____ Data for processing

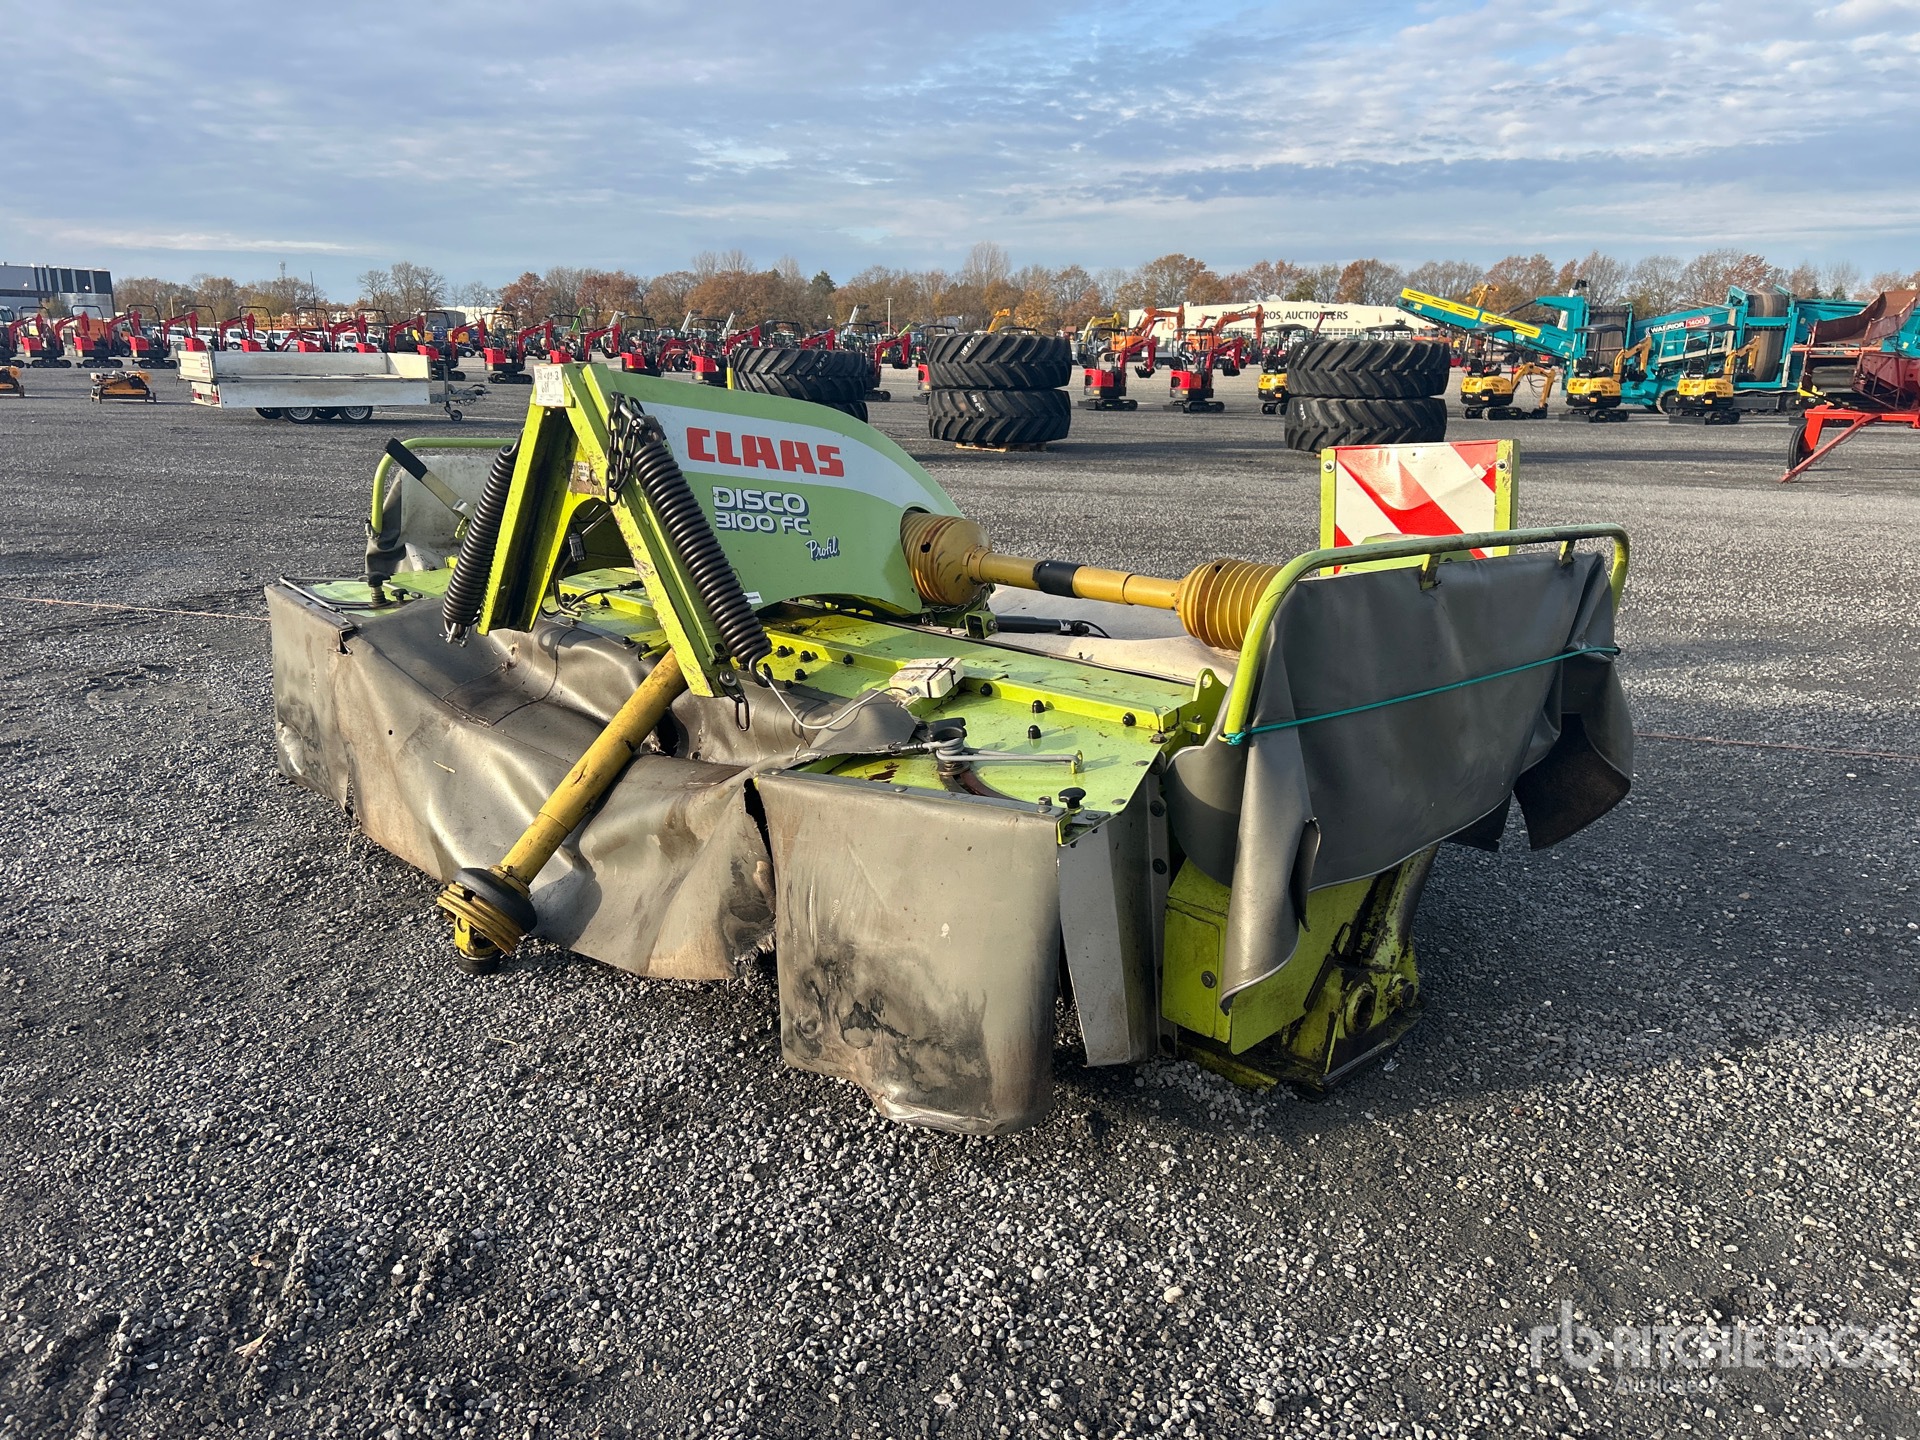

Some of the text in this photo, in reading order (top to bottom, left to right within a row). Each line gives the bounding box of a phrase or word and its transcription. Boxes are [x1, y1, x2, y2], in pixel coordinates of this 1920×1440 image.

[1687, 318, 1705, 327] 1400
[686, 426, 845, 478] CLAAS
[712, 486, 809, 516] DISCO
[714, 511, 812, 536] 3100 FC
[804, 535, 840, 562] Profil
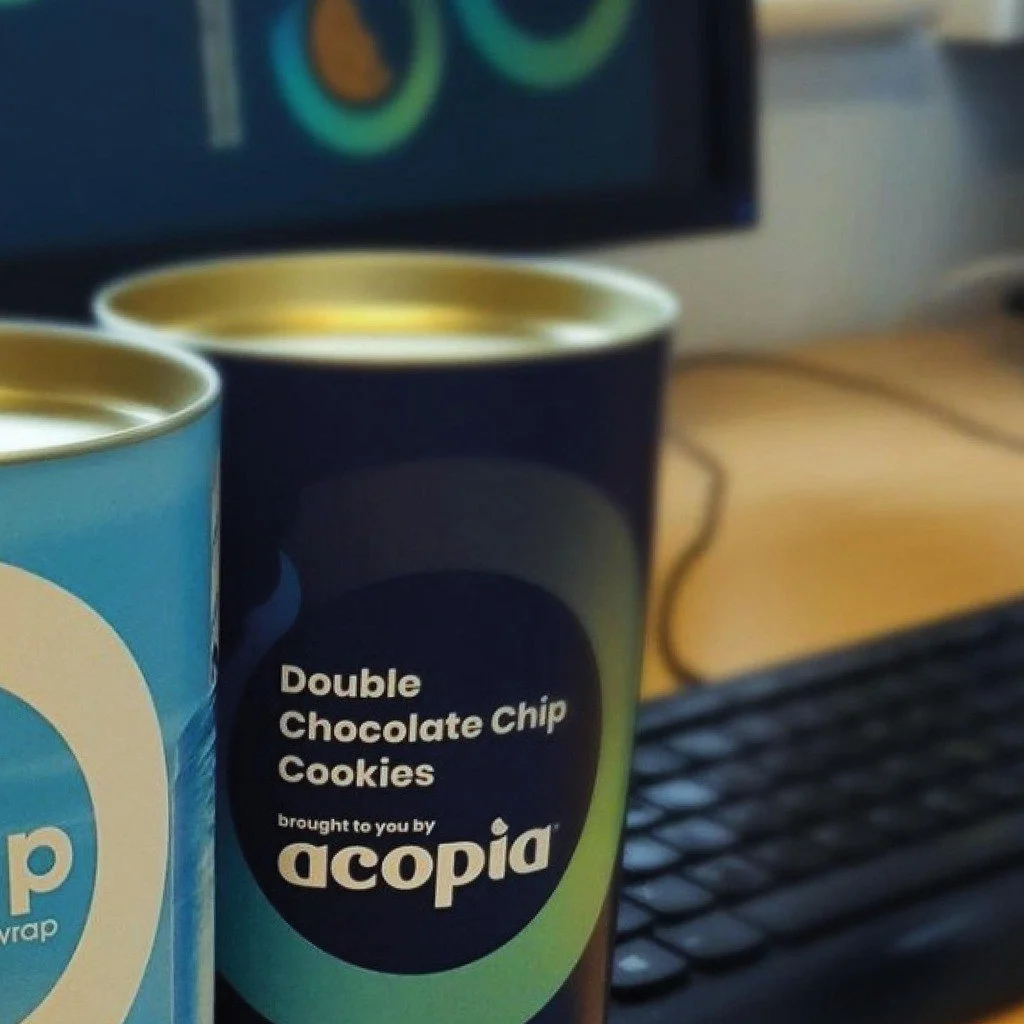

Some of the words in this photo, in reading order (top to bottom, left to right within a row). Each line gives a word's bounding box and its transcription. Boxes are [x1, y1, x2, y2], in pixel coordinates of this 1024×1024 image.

[280, 664, 422, 699] Double
[279, 710, 484, 744] Chocolate
[490, 695, 568, 735] Chip
[278, 754, 435, 788] Cookies
[278, 813, 350, 835] brought
[352, 819, 372, 834] to
[375, 821, 409, 837] you
[413, 818, 437, 836] by
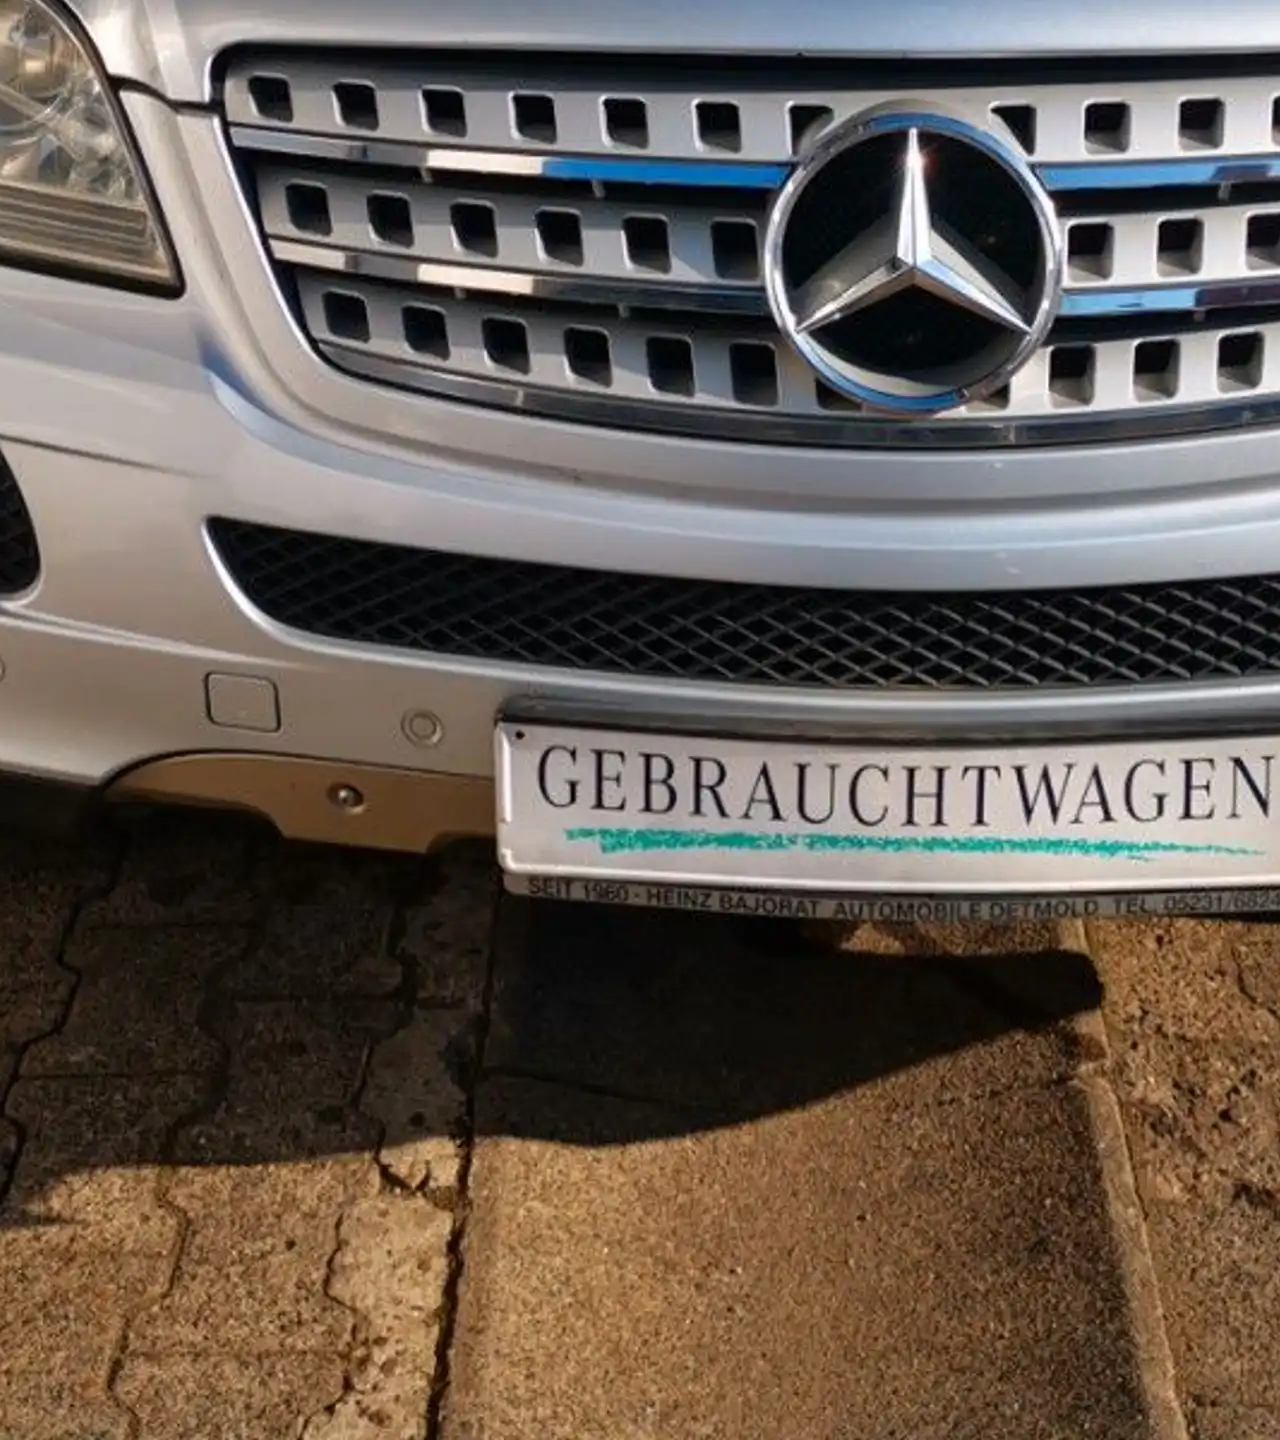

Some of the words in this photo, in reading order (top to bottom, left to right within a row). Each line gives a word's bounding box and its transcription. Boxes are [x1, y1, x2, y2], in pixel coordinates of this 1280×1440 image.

________

### Exercise goal
Could you print the whole listing again, exactly, leaving the pictures out?

### Written solution
Some of the text in this photo, in reading order (top to bottom, left to right within a row). Each line gives the bounding box of a phrase or word and its transcription. Boxes are [x1, y1, x2, y2], in pixel coordinates of this 1920×1440 image.

[1687, 318, 1705, 327] 1400
[686, 426, 845, 478] CLAAS
[712, 486, 809, 516] DISCO
[714, 511, 812, 536] 3100 FC
[804, 535, 840, 562] Profil

Some of the words in this photo, in reading order (top to bottom, left to right within a row). Each line gives a word's bounding box and its transcription. Boxes are [x1, y1, x2, y2], in pixel coordinates of this 1024×1024 image.

[280, 664, 422, 699] Double
[279, 710, 484, 744] Chocolate
[490, 695, 568, 735] Chip
[278, 754, 435, 788] Cookies
[278, 813, 350, 835] brought
[352, 819, 372, 834] to
[375, 821, 409, 837] you
[413, 818, 437, 836] by

Some of the words in this photo, in reading order (top to bottom, left to right within a row). Each line gives a word's bounding box and its transcription. Boxes are [x1, y1, x2, y2], in pixel coordinates of this 1280×1440 image.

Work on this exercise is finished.